§ **THE TASK**: Your task is to print each record exactly as it reads.

Stored data entries
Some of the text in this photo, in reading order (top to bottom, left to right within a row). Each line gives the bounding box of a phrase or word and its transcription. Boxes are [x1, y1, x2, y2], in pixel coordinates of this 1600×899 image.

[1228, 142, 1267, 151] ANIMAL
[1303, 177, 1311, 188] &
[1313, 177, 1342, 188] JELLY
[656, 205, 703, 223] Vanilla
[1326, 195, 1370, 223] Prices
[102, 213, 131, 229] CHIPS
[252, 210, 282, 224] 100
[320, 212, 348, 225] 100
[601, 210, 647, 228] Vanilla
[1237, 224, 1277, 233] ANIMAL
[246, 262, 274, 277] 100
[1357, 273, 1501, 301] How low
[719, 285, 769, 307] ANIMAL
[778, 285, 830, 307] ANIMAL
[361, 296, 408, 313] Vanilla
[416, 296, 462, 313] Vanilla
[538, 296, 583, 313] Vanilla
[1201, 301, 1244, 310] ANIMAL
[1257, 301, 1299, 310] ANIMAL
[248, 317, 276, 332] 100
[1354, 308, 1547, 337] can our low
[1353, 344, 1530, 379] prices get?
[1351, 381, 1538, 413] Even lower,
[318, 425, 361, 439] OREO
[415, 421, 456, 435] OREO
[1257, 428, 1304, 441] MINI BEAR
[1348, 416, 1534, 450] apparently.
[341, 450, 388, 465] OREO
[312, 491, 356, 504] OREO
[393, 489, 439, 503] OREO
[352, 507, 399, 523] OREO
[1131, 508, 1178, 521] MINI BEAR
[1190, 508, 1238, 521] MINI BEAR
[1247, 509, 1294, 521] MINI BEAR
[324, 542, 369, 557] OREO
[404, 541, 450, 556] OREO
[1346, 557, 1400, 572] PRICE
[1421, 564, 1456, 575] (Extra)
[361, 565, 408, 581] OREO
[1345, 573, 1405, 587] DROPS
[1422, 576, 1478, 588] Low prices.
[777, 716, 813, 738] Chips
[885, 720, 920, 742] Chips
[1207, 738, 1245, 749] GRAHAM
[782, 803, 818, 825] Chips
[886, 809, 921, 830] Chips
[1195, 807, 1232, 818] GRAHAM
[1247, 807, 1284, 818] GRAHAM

§ **RESPONSE**:
Some of the text in this photo, in reading order (top to bottom, left to right within a row). Each line gives the bounding box of a phrase or word and its transcription. Boxes are [x1, y1, x2, y2], in pixel coordinates of this 1600×899 image.

[1228, 142, 1267, 151] ANIMAL
[1303, 177, 1311, 188] &
[1313, 177, 1342, 188] JELLY
[656, 205, 703, 223] Vanilla
[1326, 195, 1370, 223] Prices
[102, 213, 131, 229] CHIPS
[252, 210, 282, 224] 100
[320, 212, 348, 225] 100
[601, 210, 647, 228] Vanilla
[1237, 224, 1277, 233] ANIMAL
[246, 262, 274, 277] 100
[1357, 273, 1501, 301] How low
[719, 285, 769, 307] ANIMAL
[778, 285, 830, 307] ANIMAL
[361, 296, 408, 313] Vanilla
[416, 296, 462, 313] Vanilla
[538, 296, 583, 313] Vanilla
[1201, 301, 1244, 310] ANIMAL
[1257, 301, 1299, 310] ANIMAL
[248, 317, 276, 332] 100
[1354, 308, 1547, 337] can our low
[1353, 344, 1530, 379] prices get?
[1351, 381, 1538, 413] Even lower,
[318, 425, 361, 439] OREO
[415, 421, 456, 435] OREO
[1257, 428, 1304, 441] MINI BEAR
[1348, 416, 1534, 450] apparently.
[341, 450, 388, 465] OREO
[312, 491, 356, 504] OREO
[393, 489, 439, 503] OREO
[352, 507, 399, 523] OREO
[1131, 508, 1178, 521] MINI BEAR
[1190, 508, 1238, 521] MINI BEAR
[1247, 509, 1294, 521] MINI BEAR
[324, 542, 369, 557] OREO
[404, 541, 450, 556] OREO
[1346, 557, 1400, 572] PRICE
[1421, 564, 1456, 575] (Extra)
[361, 565, 408, 581] OREO
[1345, 573, 1405, 587] DROPS
[1422, 576, 1478, 588] Low prices.
[777, 716, 813, 738] Chips
[885, 720, 920, 742] Chips
[1207, 738, 1245, 749] GRAHAM
[782, 803, 818, 825] Chips
[886, 809, 921, 830] Chips
[1195, 807, 1232, 818] GRAHAM
[1247, 807, 1284, 818] GRAHAM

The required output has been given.